For European organizations using local-deep-research versions prior to 1.0.0, this vulnerability poses a significant risk to the confidentiality of sensitive information, particularly API keys that could grant unauthorized access to external services or internal resources. Since the vulnerability requires local or container-level access, the primary threat vector is insider threats or attackers who have already compromised the host environment. The exposure of API keys can lead to further lateral movement, data exfiltration, or abuse of cloud services, potentially resulting in financial loss, reputational damage, and regulatory non-compliance under GDPR due to inadequate protection of sensitive data. Organizations relying on this tool for research involving confidential or proprietary data may face increased risk of intellectual property theft or leakage. The lack of encryption and fixed database location exacerbates the risk, as attackers do not need to bypass additional security controls to retrieve sensitive data.
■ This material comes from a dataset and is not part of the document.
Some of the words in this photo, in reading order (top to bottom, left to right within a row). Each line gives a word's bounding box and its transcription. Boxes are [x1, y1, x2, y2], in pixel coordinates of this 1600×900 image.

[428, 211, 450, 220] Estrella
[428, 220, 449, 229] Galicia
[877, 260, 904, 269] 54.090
However, the absence of remote exploitability limits the threat to environments where attackers have already gained some level of access.
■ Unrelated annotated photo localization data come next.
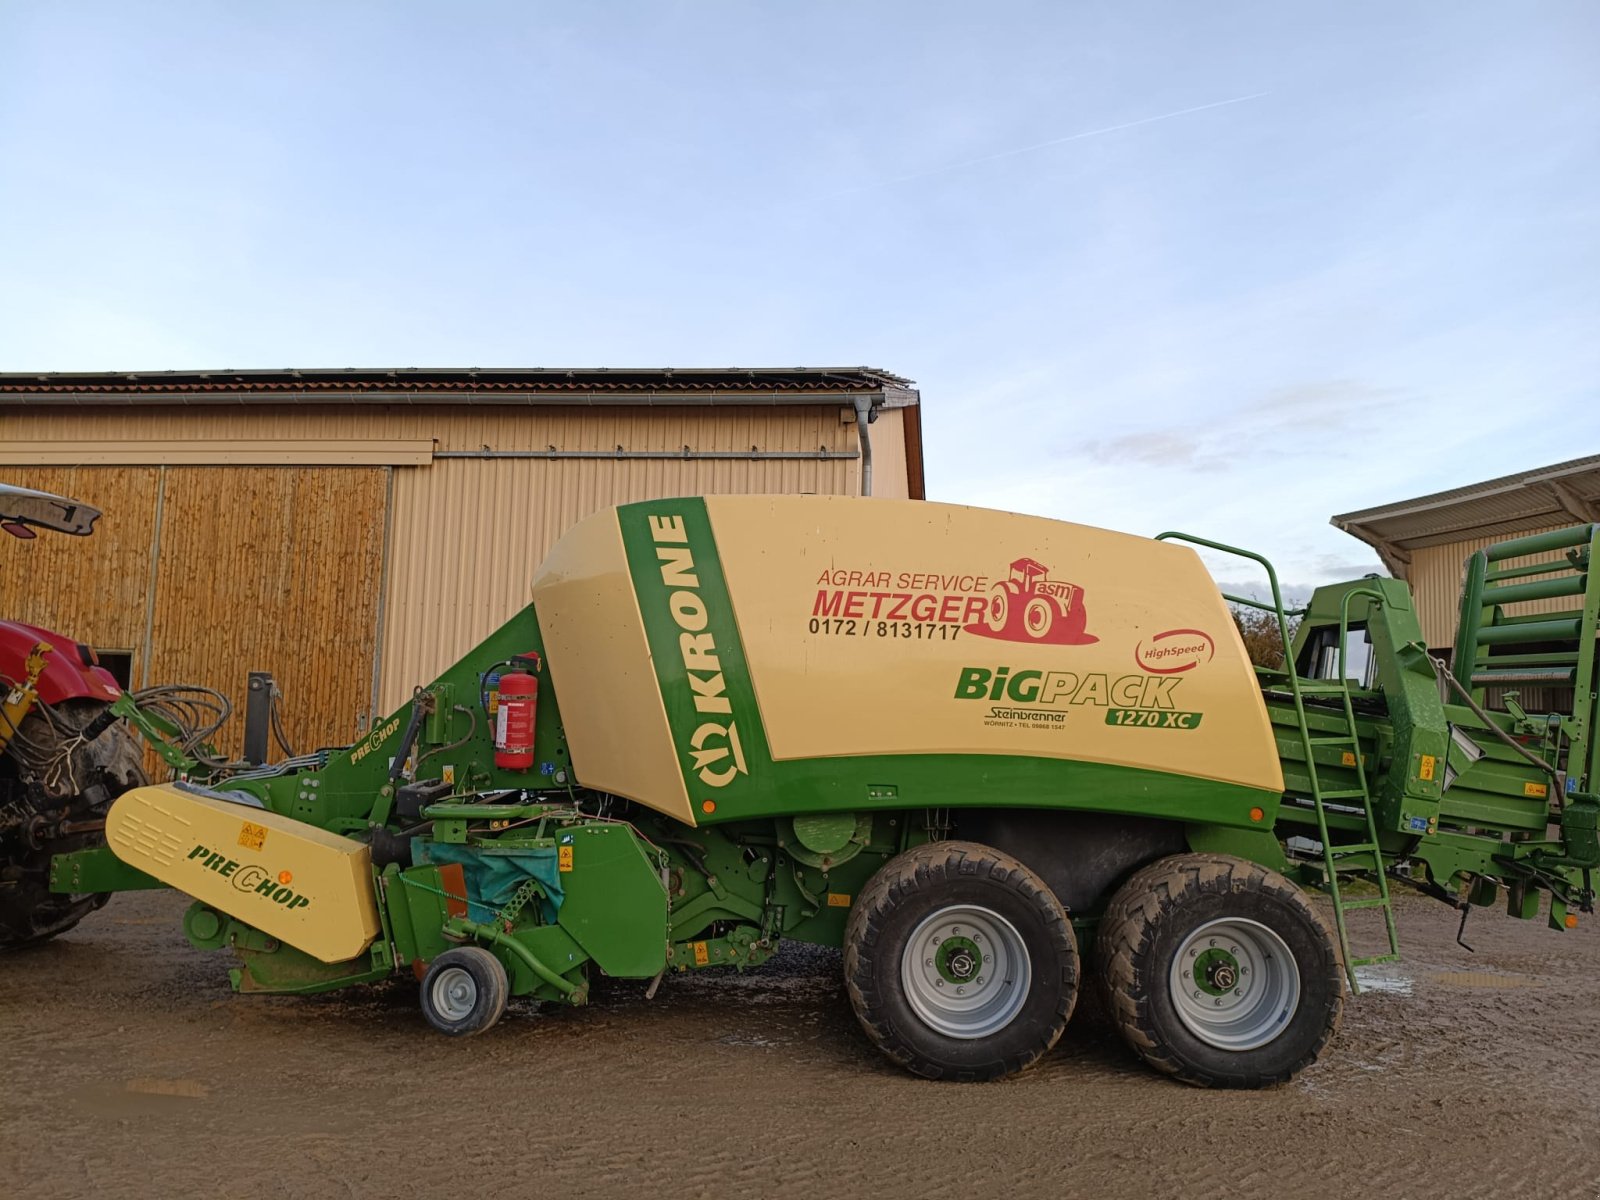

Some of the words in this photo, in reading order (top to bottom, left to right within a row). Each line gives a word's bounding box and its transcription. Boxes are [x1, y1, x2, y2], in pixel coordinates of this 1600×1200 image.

[817, 570, 891, 588] AGRAR
[897, 573, 988, 592] SERVICE
[1037, 583, 1070, 600] asm
[648, 515, 732, 714] KRONE
[812, 590, 988, 624] METZGER
[809, 618, 856, 636] 0172
[863, 620, 870, 637] /
[876, 621, 961, 640] 8131717
[1144, 643, 1205, 660] HighSpeed
[984, 706, 1068, 722] Steinbrenner
[1115, 710, 1159, 727] 1270
[1163, 713, 1192, 728] XC
[351, 718, 401, 766] PRECHOP
[187, 845, 310, 910] PRECHOP
European organizations should immediately upgrade local-deep-research to version 1.0.0 or later, where the vulnerability has been fixed. Until upgrade is possible, organizations should restrict access to the host filesystem and container environments to trusted personnel only, implementing strict access controls and monitoring for unauthorized access attempts. Encrypting the underlying storage volume or filesystem where the SQLite database resides can provide an additional layer of protection. Organizations should also consider isolating the application within hardened containers with minimal privileges and use host-based intrusion detection systems to alert on suspicious file access. Reviewing and rotating any API keys stored in affected versions is critical to prevent misuse. Additionally, organizations should request or implement configuration options to allow relocation of the database file to more secure locations and advocate for encryption of sensitive data at rest in future software versions. Finally, conducting regular audits of container and host security posture will help detect potential exposures early.